PA Unplugged

A PA Unplugged Public Health Announcement

Slow Tech Your Life

Five steps to take back your family's time, attention, and connection.

Step 1 · You

It starts with technoference

Technoference:when technology gets in the way of crucial interpersonal relations and engagement. The buzz mid-conversation. The scroll at the playground. The email at dinner. It's real enough that the term appears in the glossary of the 2026 U.S. Surgeon General's advisory on the harms of screen use.

Kids feel it, and now research measures it. A 2026 study of 600 U.S. adolescents, “Mommy, do you love your phone more than me?”, found that the more device-distracted teens perceived their parents to be, the less secure their attachment to those parents — the bond that carries kids through adolescence.

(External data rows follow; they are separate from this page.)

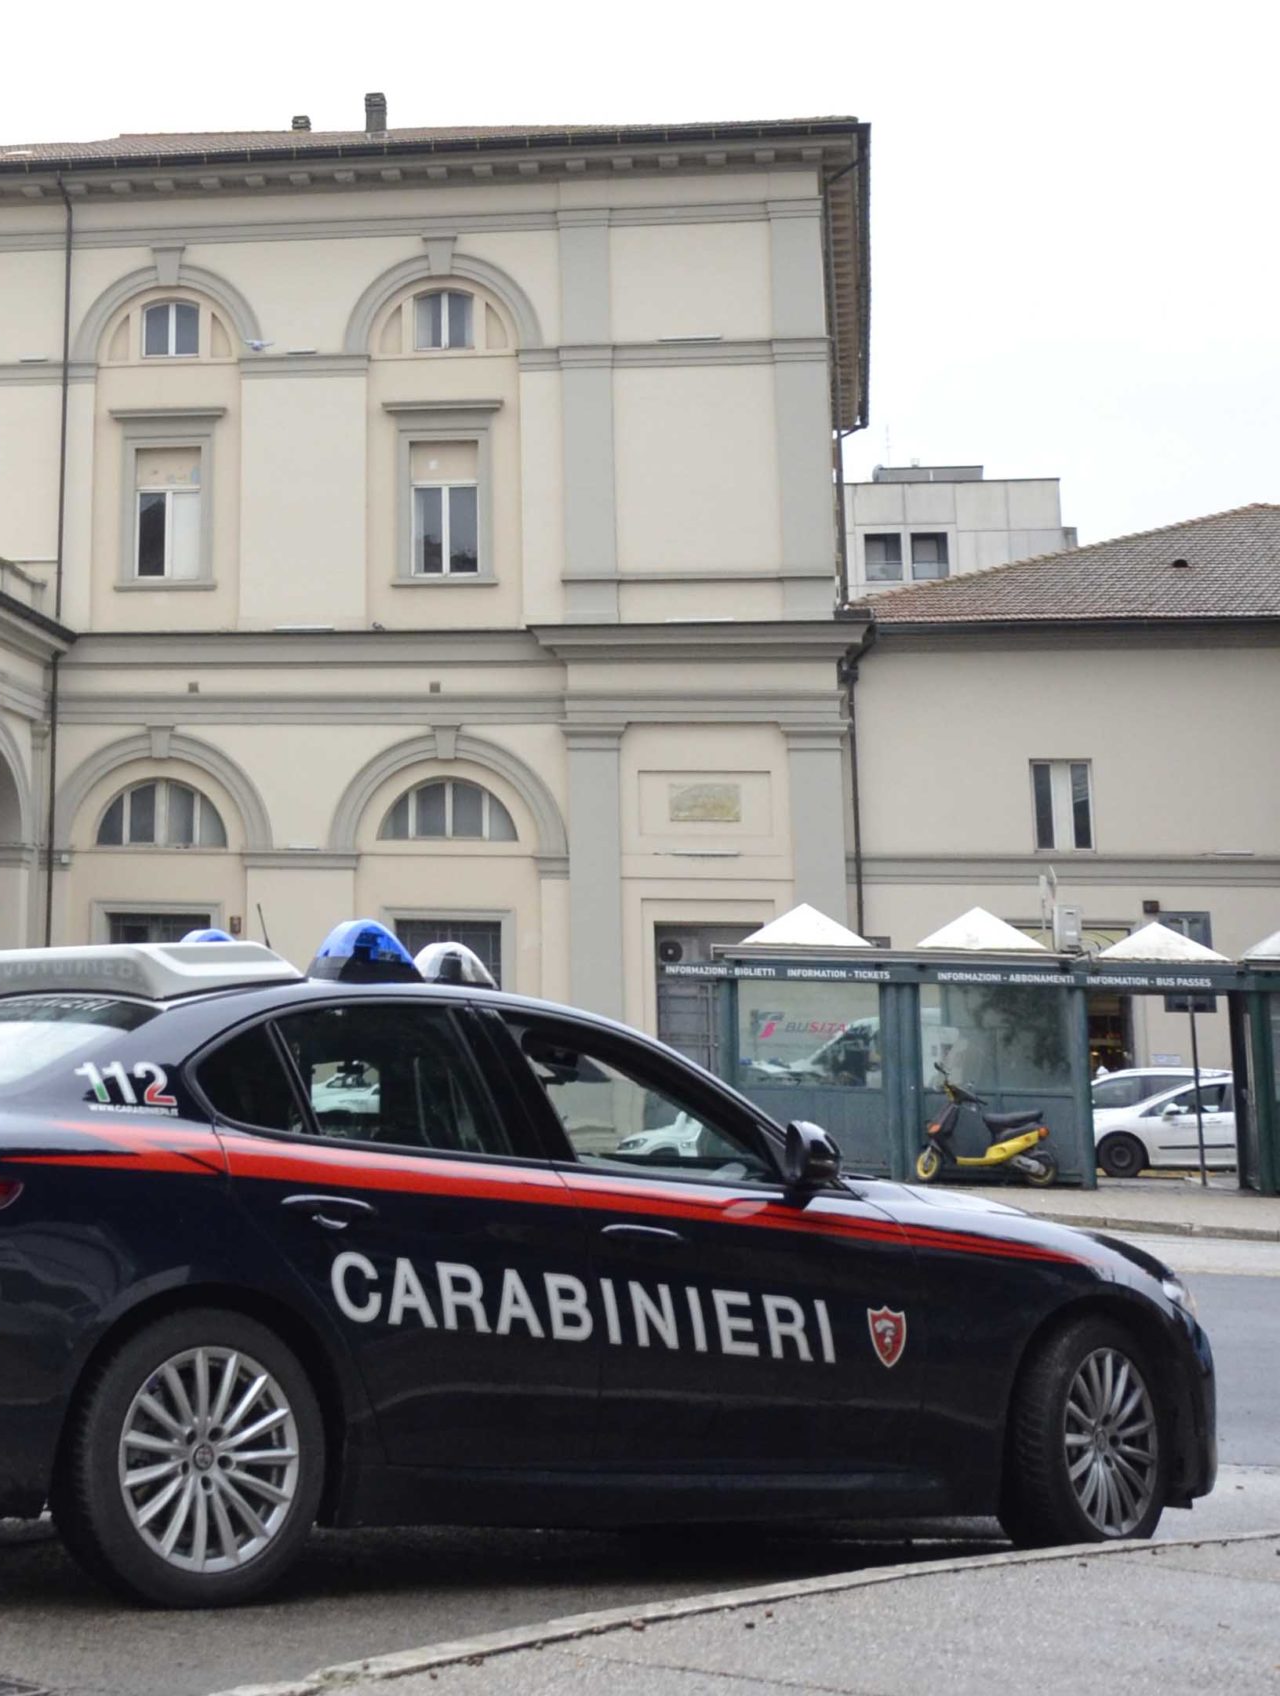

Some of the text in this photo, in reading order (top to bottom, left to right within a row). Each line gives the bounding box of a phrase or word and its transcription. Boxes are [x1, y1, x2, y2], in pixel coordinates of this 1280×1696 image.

[665, 965, 727, 975] INFORMAZIONI
[734, 967, 776, 976] BIGLIETTI
[787, 968, 847, 978] INFORMATION
[854, 970, 890, 979] TICKETS
[937, 972, 1002, 982] INFORMAZIONI
[1009, 974, 1075, 984] ABBONAMENTI
[1086, 976, 1148, 986] INFORMATION
[1156, 977, 1175, 986] BUS
[1176, 978, 1211, 987] PASSES
[74, 1061, 177, 1106] 112
[330, 1251, 836, 1364] CARABINIERI
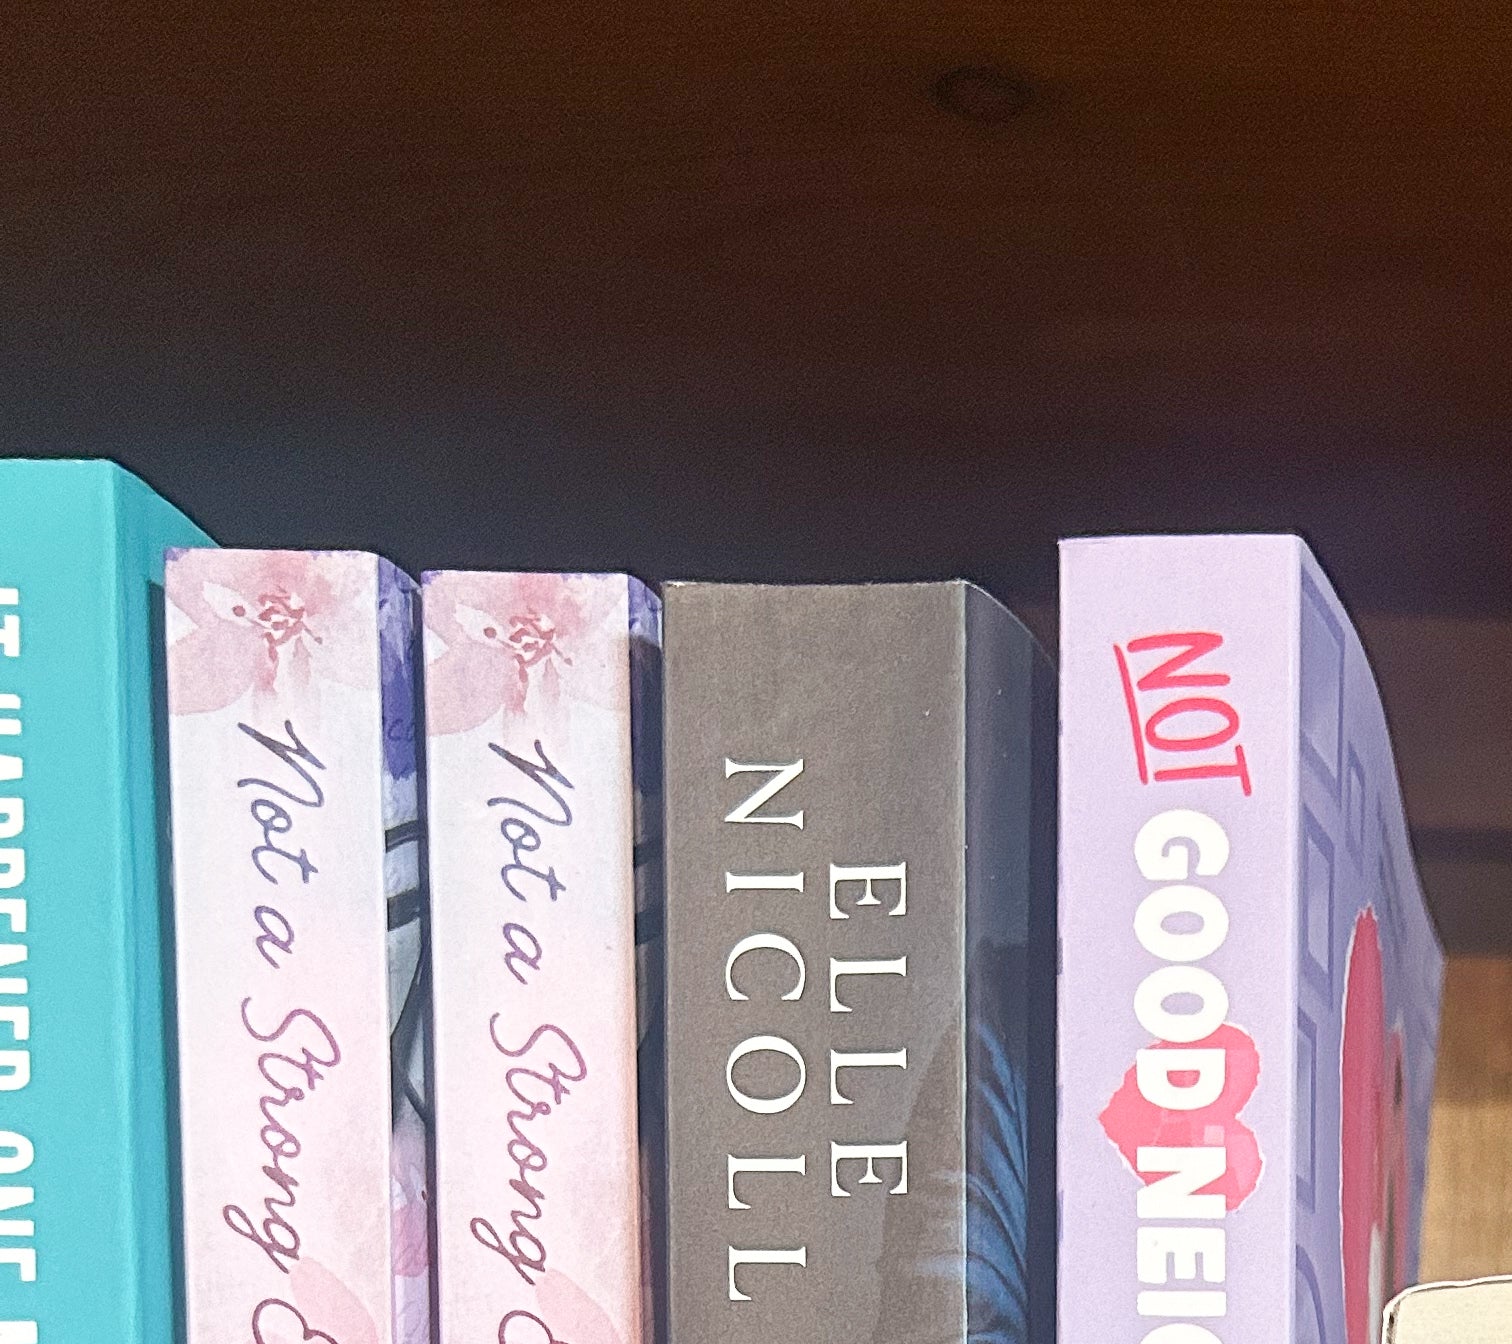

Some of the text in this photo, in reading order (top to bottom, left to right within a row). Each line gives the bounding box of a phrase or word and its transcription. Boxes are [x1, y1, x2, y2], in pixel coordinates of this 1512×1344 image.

Slow tech starts with the adult in the room, because kids do what we do, not what we say. We know how hard it is for usto manage our phones — they're addictive by design — so no willpower lecture here. Instead: audit yourself. Check your screen time report. Notice the moments your phone pulls you out of. Then work the next four steps, for yourself first and your kids second.

Step 2 · Your Device

Make it boring, then unpack it

Three settings changes today:

  • Turn off notifications and vibrations for everything that isn't a human.
  • Grayscale. A phone without color is a tool, not a slot machine.
  • Delete ALL social media, games, and gambling. If it's engineered to keep you, it goes.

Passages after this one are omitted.